Exercise |
From the line that holds "this 1619×1080 image." down to the last line of the listing below, transcribe exactly and only those lines. Leave pictures out.

Data to process |
* * * * * * *

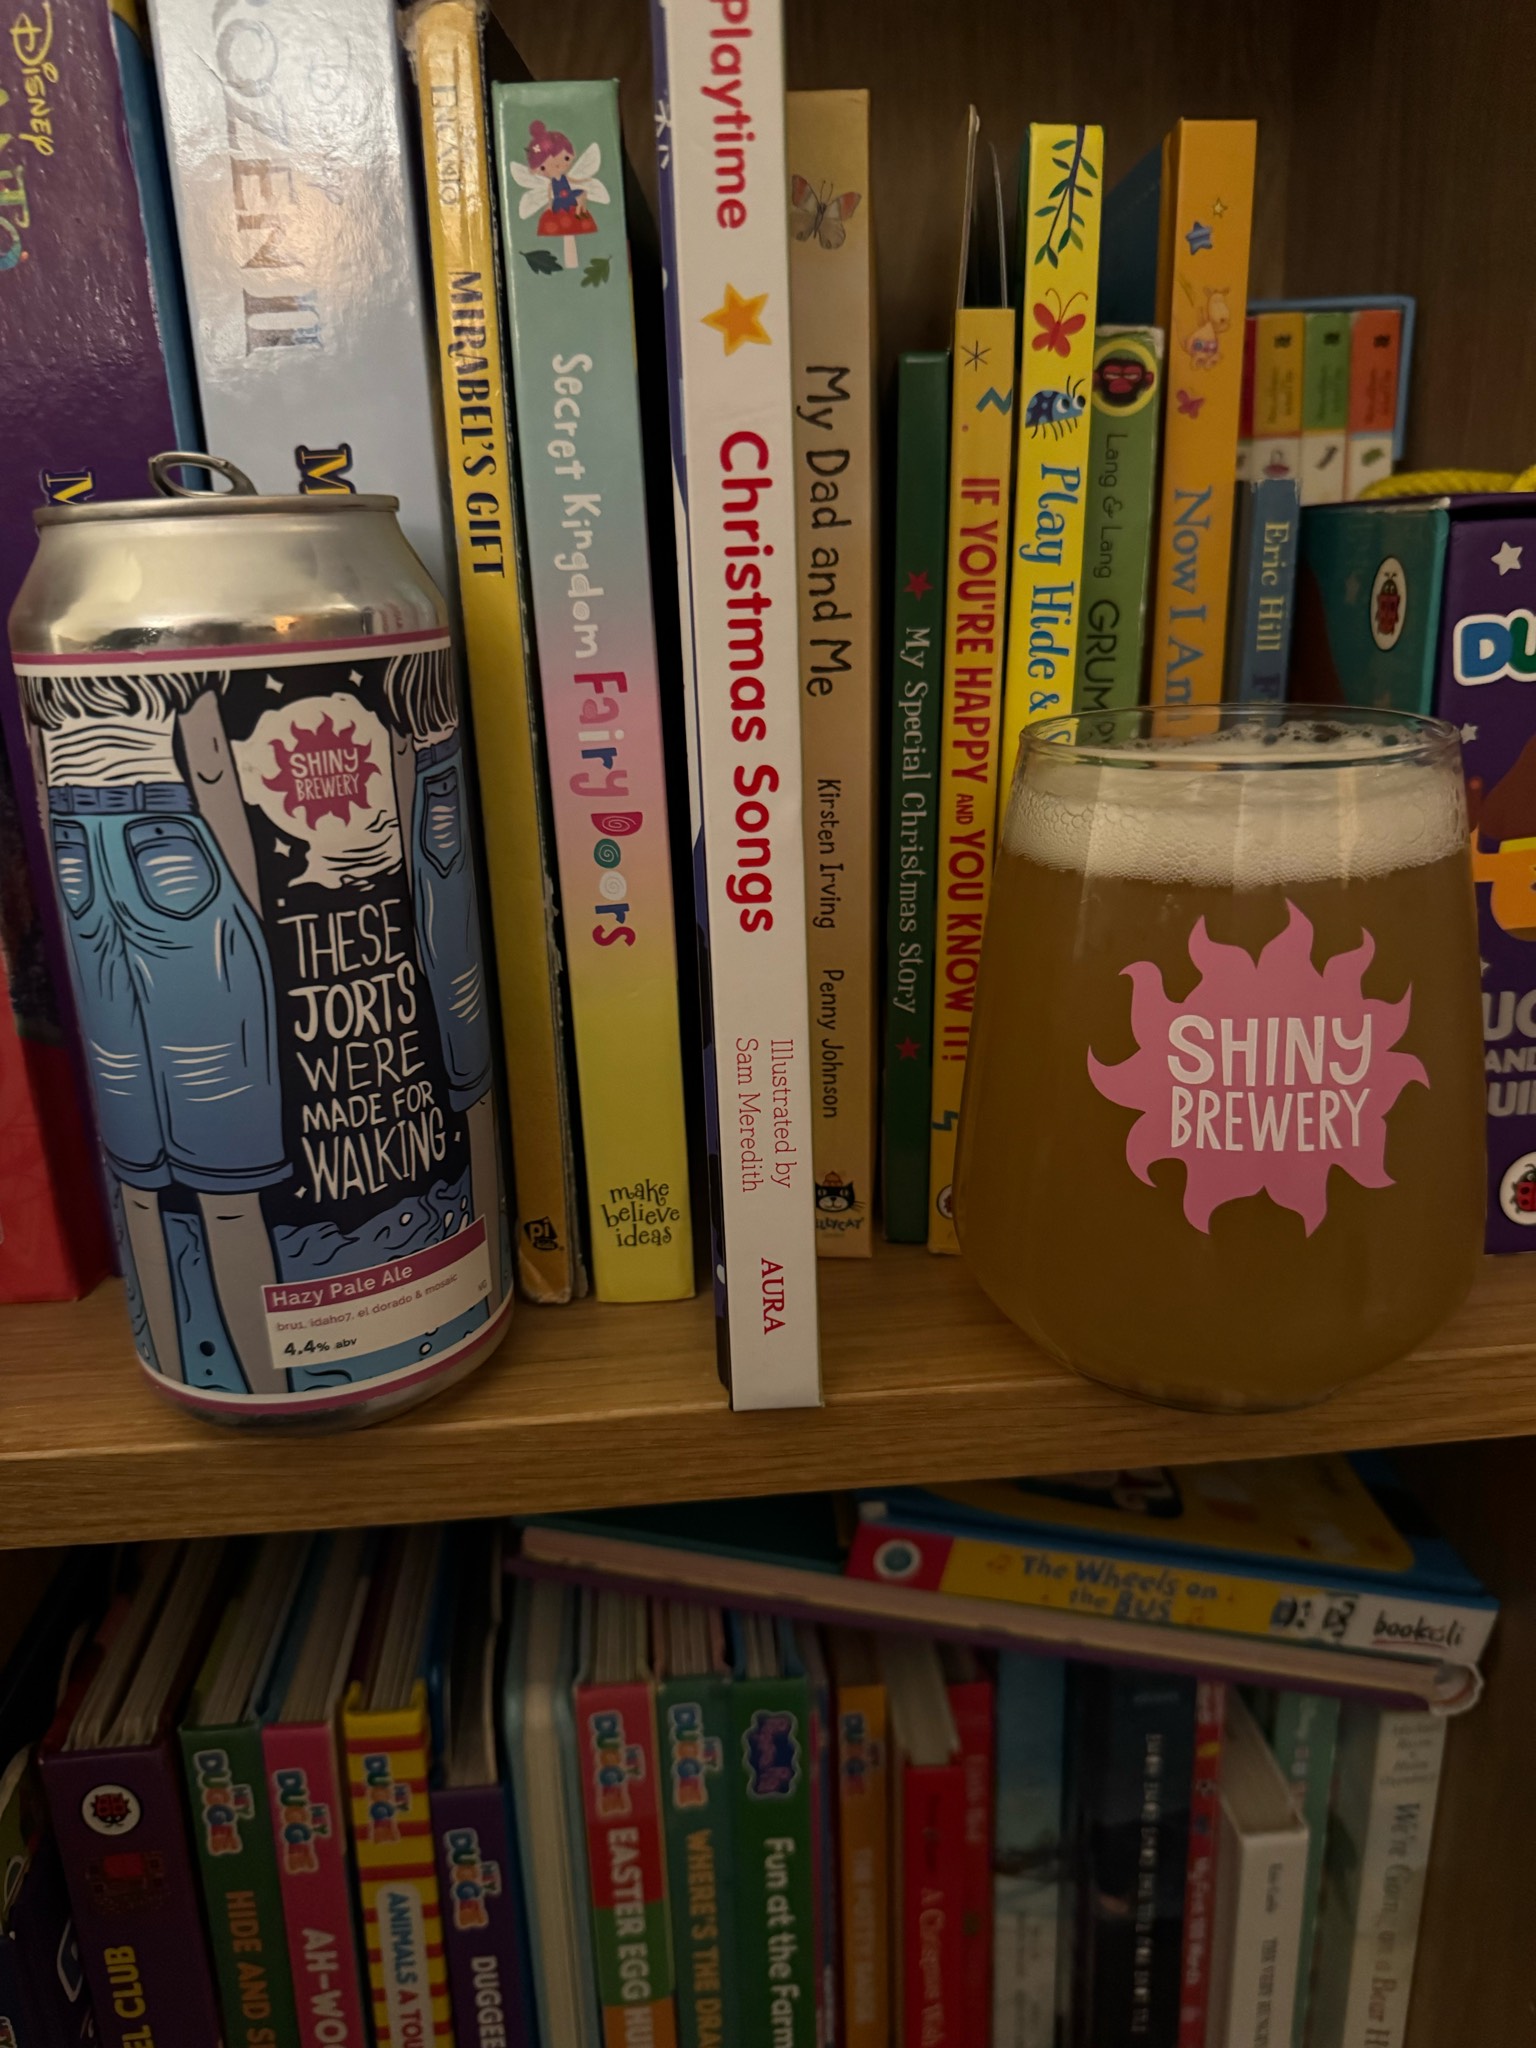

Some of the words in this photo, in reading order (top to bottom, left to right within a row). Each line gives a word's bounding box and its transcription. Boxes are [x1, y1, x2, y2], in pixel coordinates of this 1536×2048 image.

[9, 1, 59, 156] Disney
[213, 0, 307, 270] OZEN
[447, 271, 497, 476] MIRABEL'S
[796, 366, 850, 430] My
[547, 353, 593, 481] Secret
[806, 449, 851, 530] Dad
[961, 478, 1000, 505] IF
[1100, 433, 1128, 488] Lang
[463, 490, 506, 580] GIFT
[1019, 462, 1081, 566] Play
[1103, 496, 1125, 516] &
[1093, 524, 1122, 580] Lang
[1170, 485, 1212, 596] Now
[1259, 521, 1290, 584] Eric
[554, 493, 605, 659] Kingdom
[719, 431, 774, 742] Christmas
[808, 546, 852, 622] and
[956, 520, 1000, 655] YOU'RE
[1027, 581, 1075, 680] Hide
[1168, 605, 1207, 623] I
[1256, 595, 1287, 653] Hill
[806, 638, 852, 697] Me
[899, 627, 930, 669] My
[569, 671, 629, 797] Fairy
[899, 681, 931, 781] Special
[951, 667, 994, 785] HAPPY
[1029, 691, 1060, 714] &
[289, 747, 360, 780] SHINY
[295, 772, 360, 801] BREWERY
[817, 778, 842, 855] Kirsten
[955, 793, 974, 825] AND
[591, 811, 643, 947] Doors
[726, 765, 779, 932] Songs
[898, 791, 930, 933] Christmas
[947, 829, 986, 901] YOU
[813, 863, 844, 929] Irving
[277, 899, 405, 979] THESE
[944, 912, 982, 1012] KNOW
[288, 960, 417, 1041] JORTS
[817, 969, 845, 1031] Penny
[893, 943, 925, 1013] Story
[296, 1030, 425, 1092] WERE
[735, 1037, 759, 1085] Sam
[821, 1038, 845, 1118] Johnson
[1167, 1013, 1372, 1086] SHINY
[302, 1093, 387, 1133] MADE
[393, 1080, 435, 1118] FOR
[770, 1039, 797, 1155] Illustrated
[1170, 1086, 1371, 1152] BREWERY
[301, 1106, 446, 1203] WALKING
[738, 1093, 764, 1193] Meredith
[770, 1158, 797, 1189] by
[601, 1204, 680, 1227] believe
[610, 1178, 669, 1206] make
[616, 1225, 672, 1247] ideas
[271, 1287, 325, 1307] Hazy
[330, 1278, 375, 1299] Pale
[381, 1265, 413, 1287] Ale
[357, 1307, 369, 1318] el
[373, 1294, 413, 1314] dorado
[415, 1290, 422, 1299] &
[425, 1273, 458, 1297] mosaic
[761, 1257, 786, 1335] AURA
[283, 1340, 330, 1356] 4.4%
[336, 1338, 357, 1350] abv
[1020, 1553, 1067, 1580] The
[1075, 1555, 1178, 1597] Wheels
[1185, 1580, 1218, 1601] on
[1068, 1588, 1109, 1611] the
[1114, 1593, 1174, 1625] BUS
[1389, 1802, 1421, 1856] We're
[607, 1827, 647, 1937] EASTER
[685, 1829, 719, 1940] WHERE'S
[764, 1837, 795, 1892] Fun
[226, 1891, 262, 1953] HIDE
[388, 1892, 418, 1985] ANIMALS
[766, 1895, 796, 1927] at
[104, 1945, 147, 2019] CLUB
[302, 1928, 348, 2048] AH-WO
[615, 1943, 652, 2001] EGG
[693, 1946, 721, 1992] THE
[768, 1934, 799, 1980] the
[236, 1962, 272, 2020] AND
[402, 1991, 419, 2006] A
[770, 1984, 800, 2048] Farm
[1368, 1978, 1398, 2023] Bear
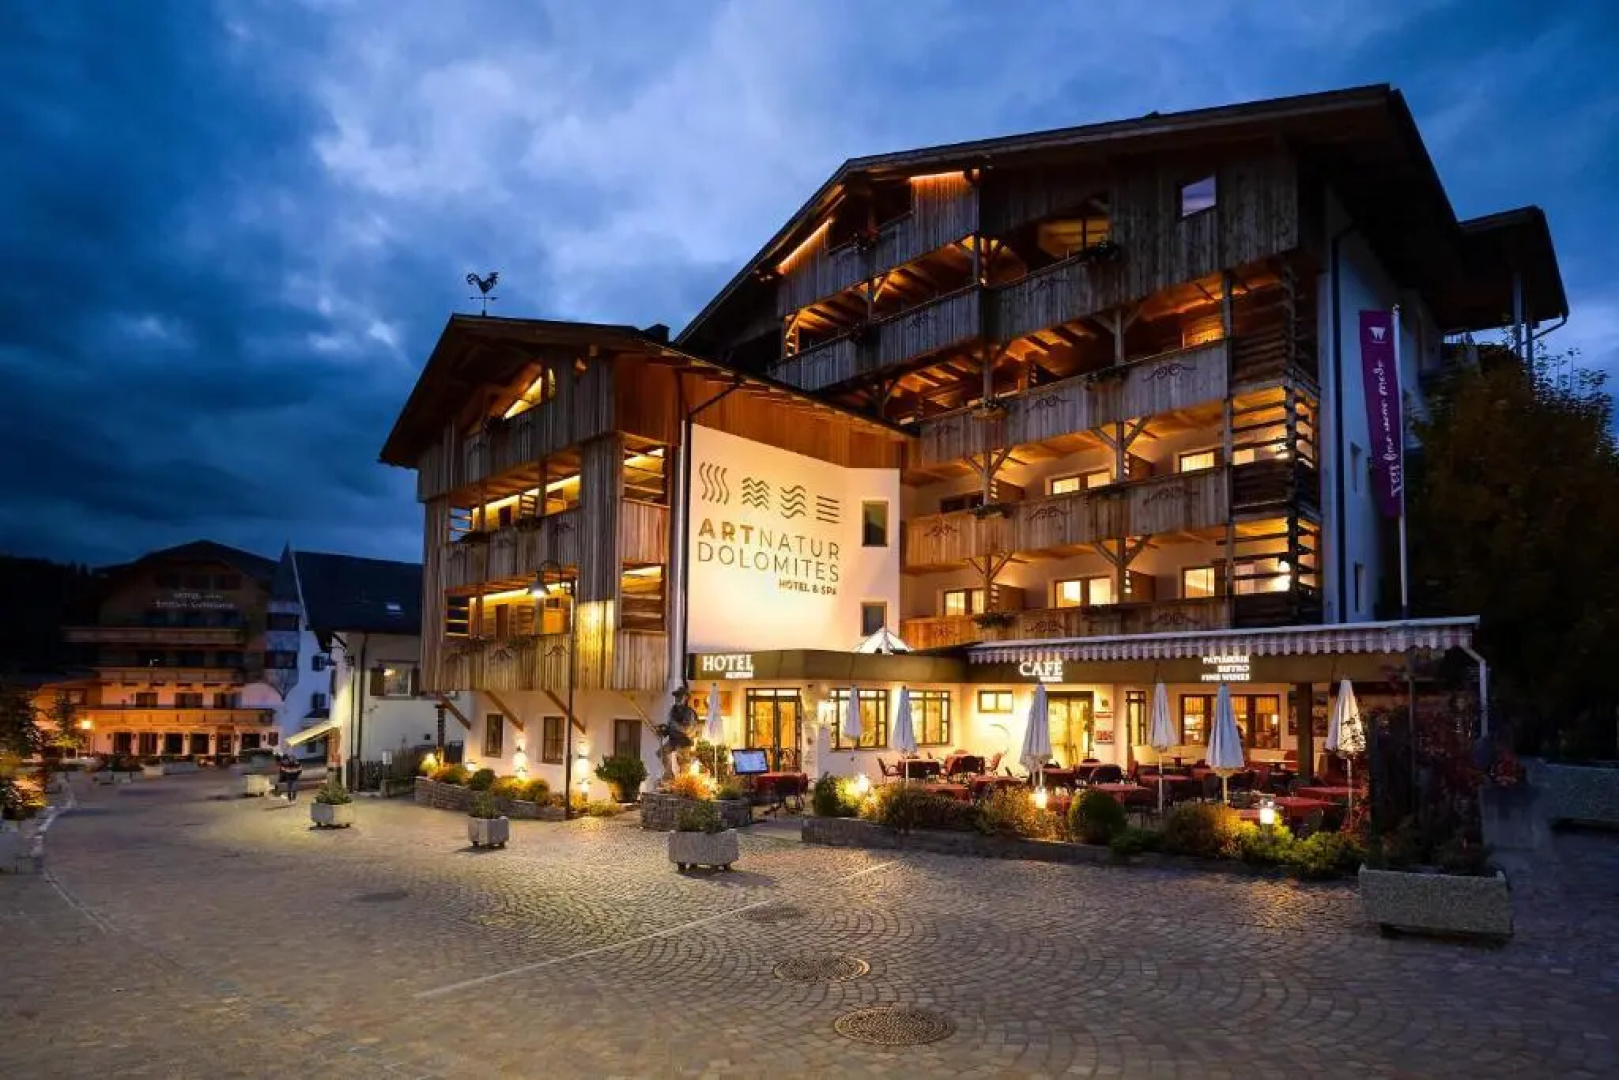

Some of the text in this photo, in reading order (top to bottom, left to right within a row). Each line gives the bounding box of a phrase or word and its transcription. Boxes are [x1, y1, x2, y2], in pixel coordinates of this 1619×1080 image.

[698, 541, 839, 582] DOLOMITES
[779, 578, 837, 595] HOTEL & SPA
[702, 654, 753, 671] HOTEL
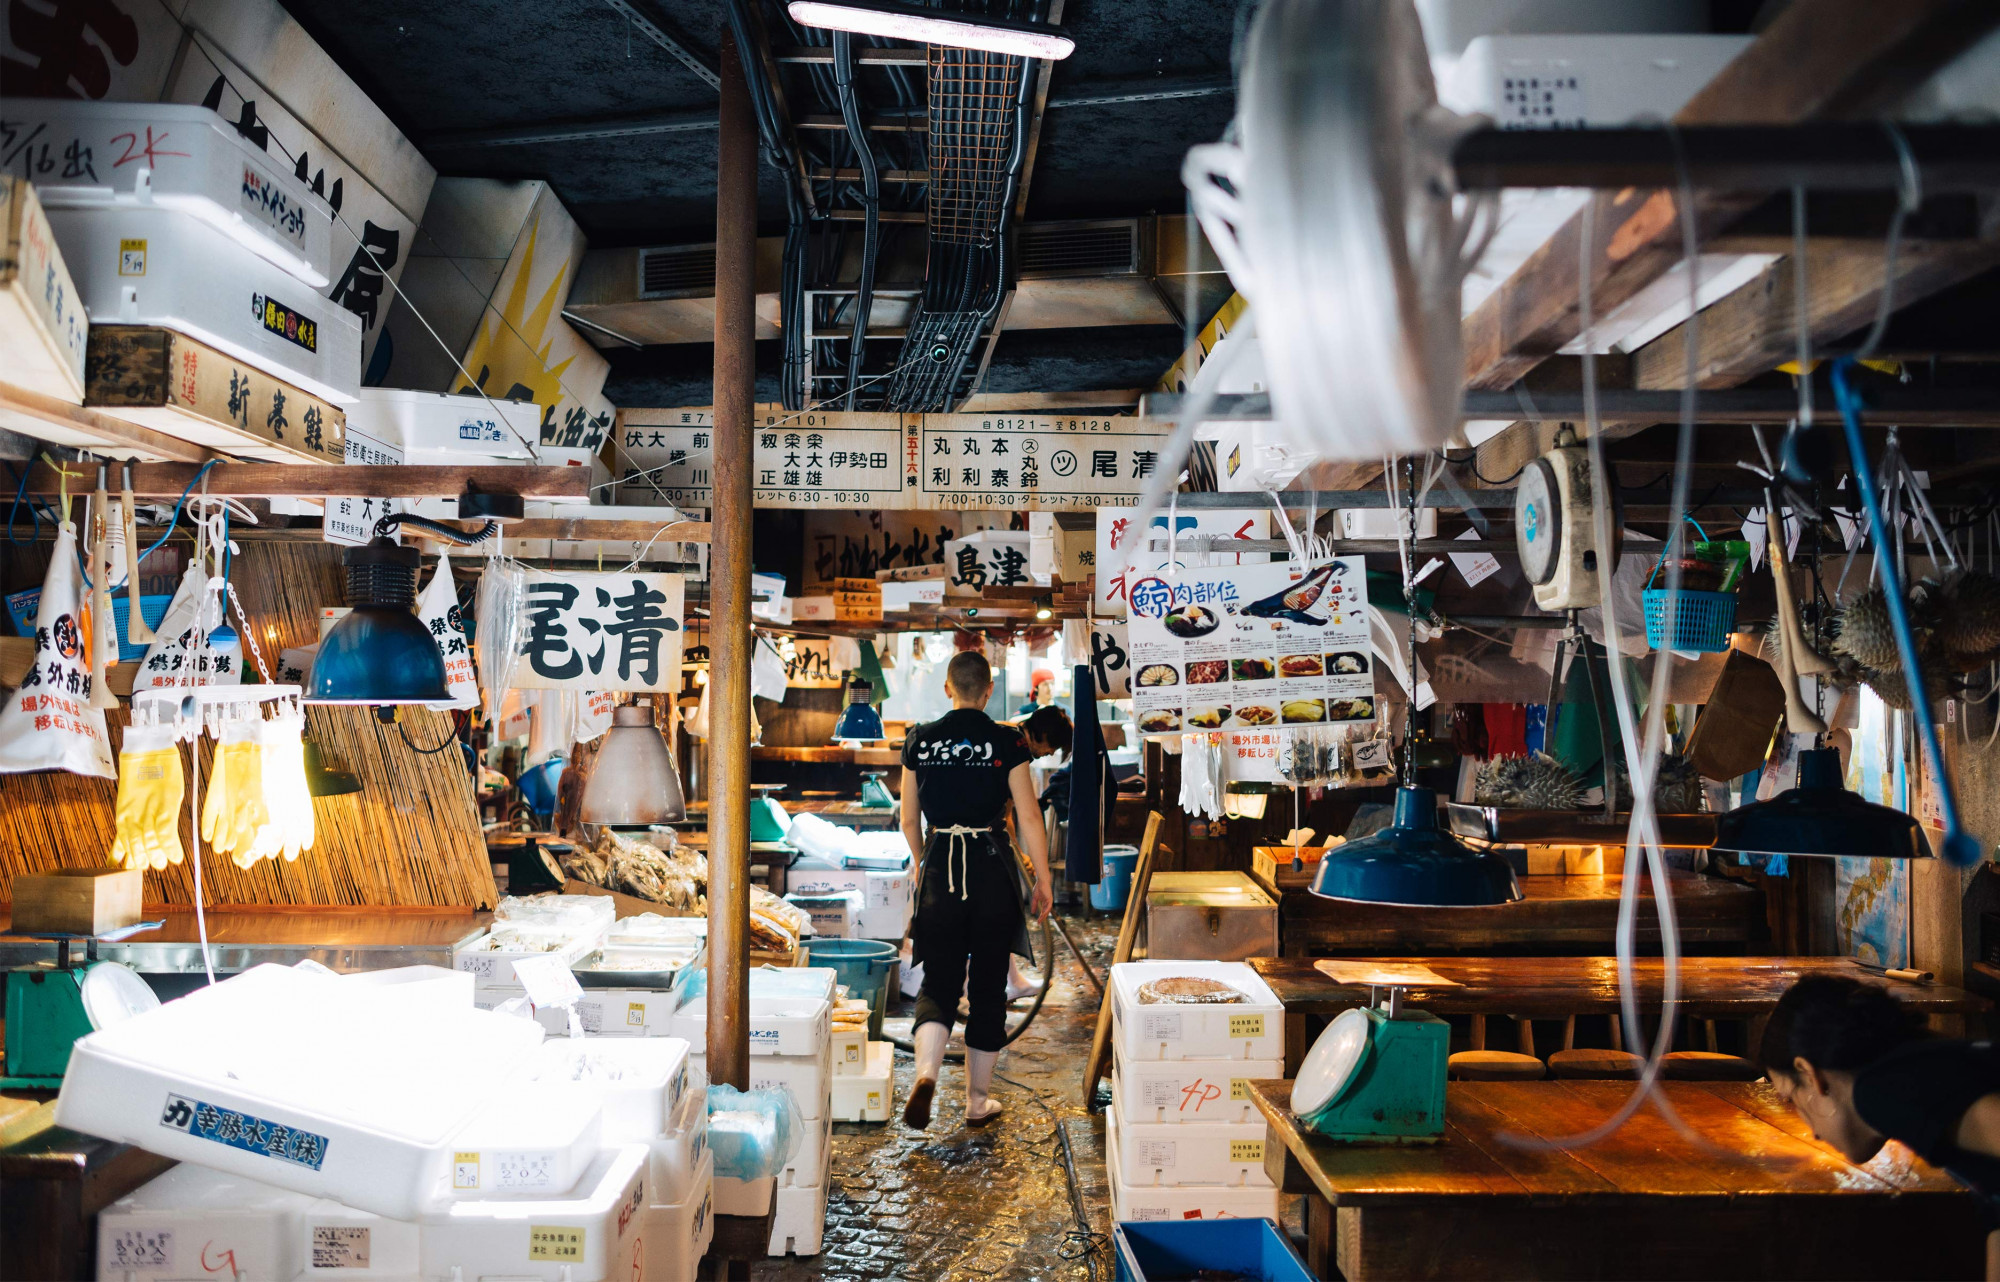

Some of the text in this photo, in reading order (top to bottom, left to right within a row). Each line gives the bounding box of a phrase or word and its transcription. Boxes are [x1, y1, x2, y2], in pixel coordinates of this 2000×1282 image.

* * * * * * *

Task response |
Some of the text in this photo, in reading order (top to bottom, left to right within a row). Each line gives the bounding box of a phrase or word and its transcription. Boxes are [x1, y1, x2, y2], in pixel coordinates of this 1619×1080 image.

[698, 541, 839, 582] DOLOMITES
[779, 578, 837, 595] HOTEL & SPA
[702, 654, 753, 671] HOTEL

Some of the text in this photo, in reading order (top to bottom, left to right within a row). Each line gives the bounding box of a phrase or word and its transcription. Boxes are [x1, y1, x2, y2], in pixel coordinates of this 2000×1282 image.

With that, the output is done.